Archetype, stereotype, prototype and other types

August 8 2014 , Written by Alex Evans

Archetype, stereotype, prototype and other types

There is often confusion between these categories. Some think they have produced a archetype (or even a prototype), while they have produced a stereotype.

So, a little reminder:

- An archetype is a character we find in one form or another in all cultures (no, not just Western culture). A typical example is the hero who kills a dragon / monster / large animal / witch / villain and generally defeats evil.

- A stereotype is a character specific to a culture and a given period (e.g. the hero who kills the dragon is a tall blond with a square jaw, naive and honest).

- A prototype is a character of which nobody has thought before (or maybe someone did, but it was forgotten). Example: Conan the Barbarian in 1932: at the time, the heroes of adventure or fantasy novels were knights in shining armour, do gooders. Howard, imagining a character seekingt only his own interest and facing intrigues, warriors and magic armed with a sword and common sense, invented another type of hero. Since then, Conan has spawned a slew of clones and has become a stereotype himself.

We can already see that the three can perfectly be combined.

One has usually a negative opinion on stereotypes. However, they are so prevalent that it is difficult to get rid of them, especially in such a codified genre as Fantasy.
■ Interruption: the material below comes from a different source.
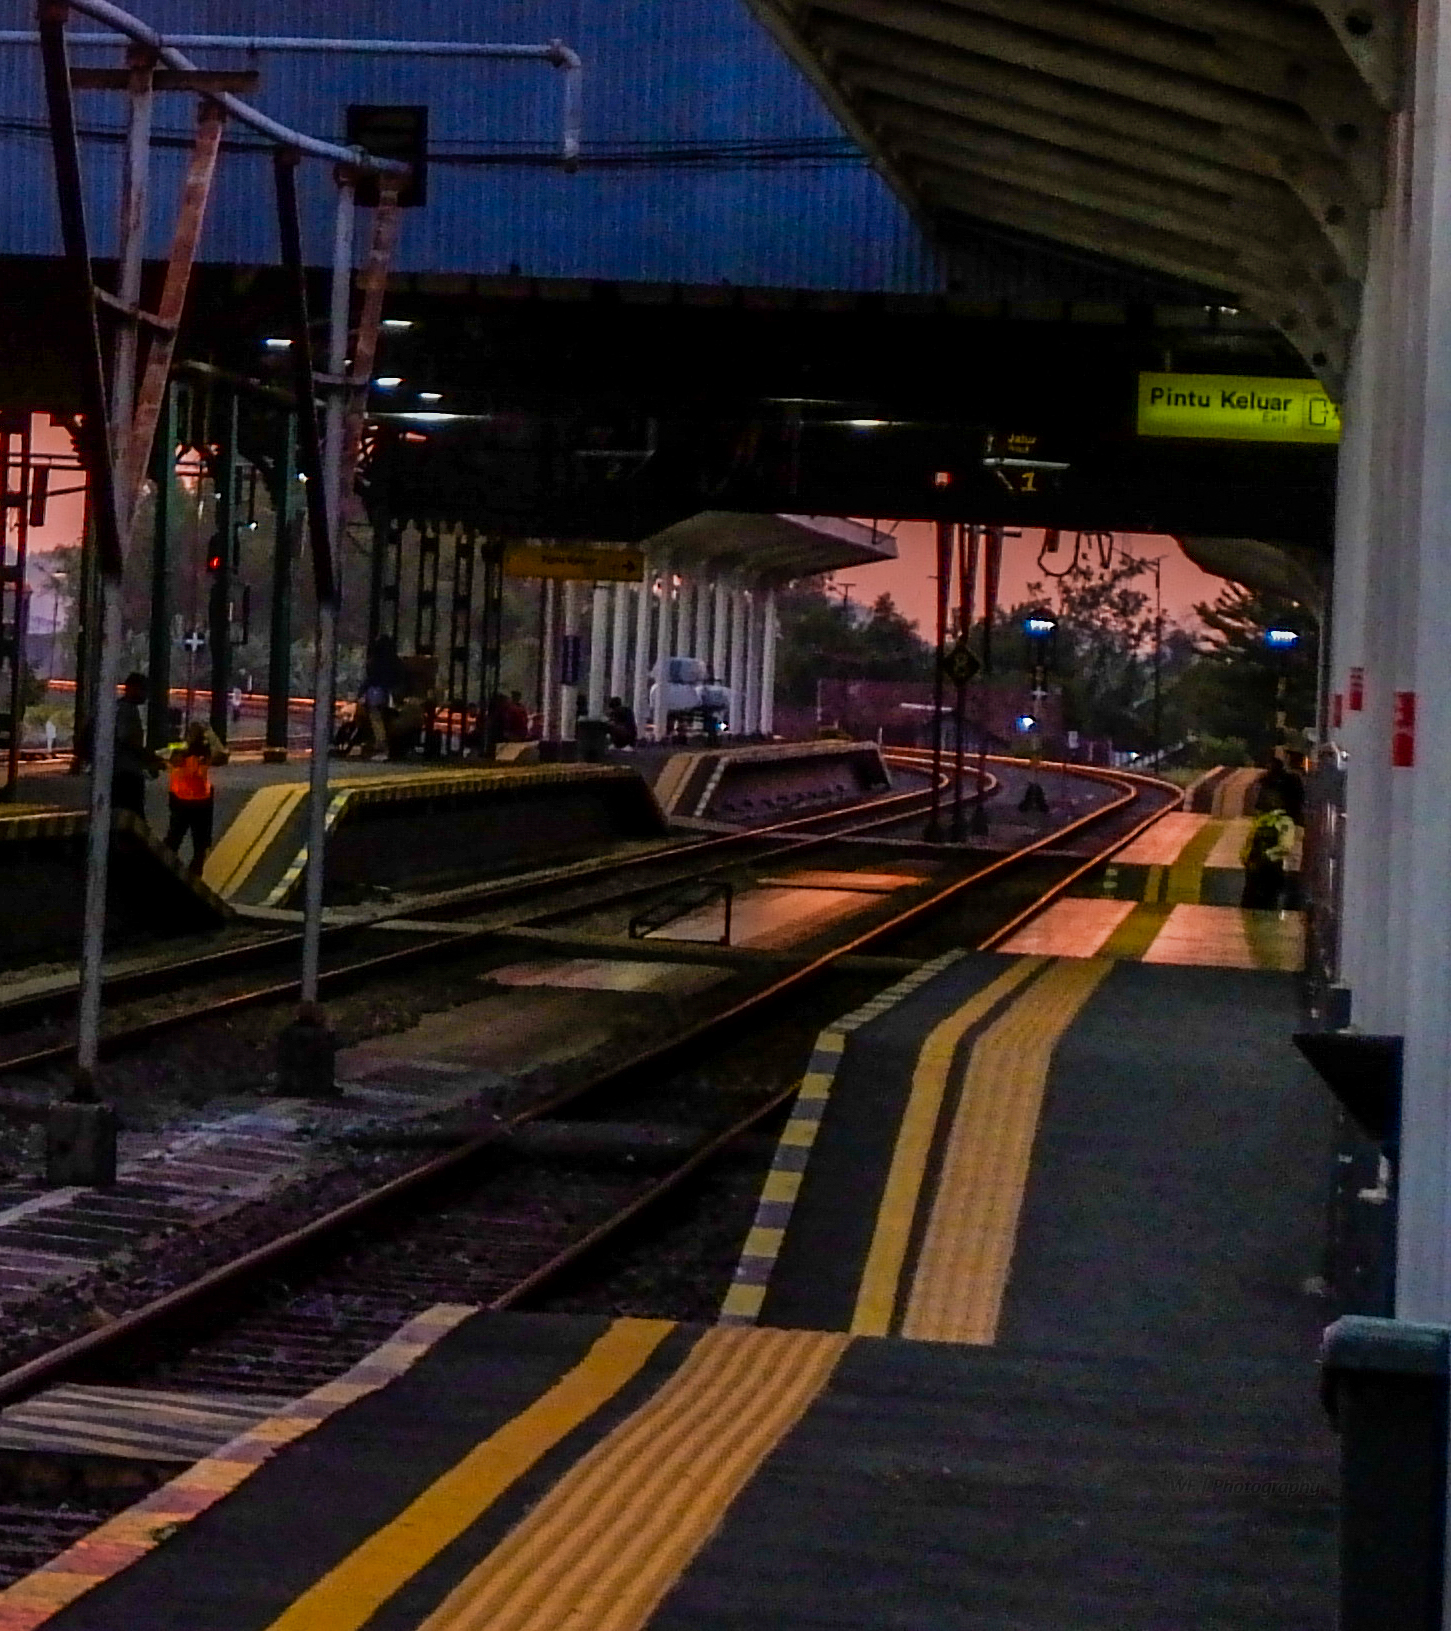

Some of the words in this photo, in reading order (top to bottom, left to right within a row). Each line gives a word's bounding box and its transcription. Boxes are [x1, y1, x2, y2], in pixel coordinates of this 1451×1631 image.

The advantage of stereotypes is that they reassure the reader, s/he does not feel « lost » in your story. They are easy to write, they can be used as crutches if you don’t know how to characterize your characters. The downside ... is that they are incomprehensible to someone from another culture and will be incomprehensible in twenty to fifty years. In short, if you have the ambition to write books that your grandchildren could read and would be selling in Japan, it's better to avoid them as much as possible. Read the classics of popular literature which are still popular today, like the adventures of Sherlock Holmes. Of course, there are stereotypes of their time. But they are not obvious. The author has put a minimum of them.

How to know if your character is a stereotype ? Try to imagine him/her in total opposition with what you had planned : you wanted a tall blond with a black shoe(1), imagine a small black with a white shoe: will he still be the same character? Have the same way of thinking ? The same behavior? The same interactions with other characters?

Well, OK, if your plot is based on the physical prowess of the hero, you can’t imagine a physically weak character, but you got the idea. And your heroine, would she still be in distress if she was not blonde, nor cute or was a man ?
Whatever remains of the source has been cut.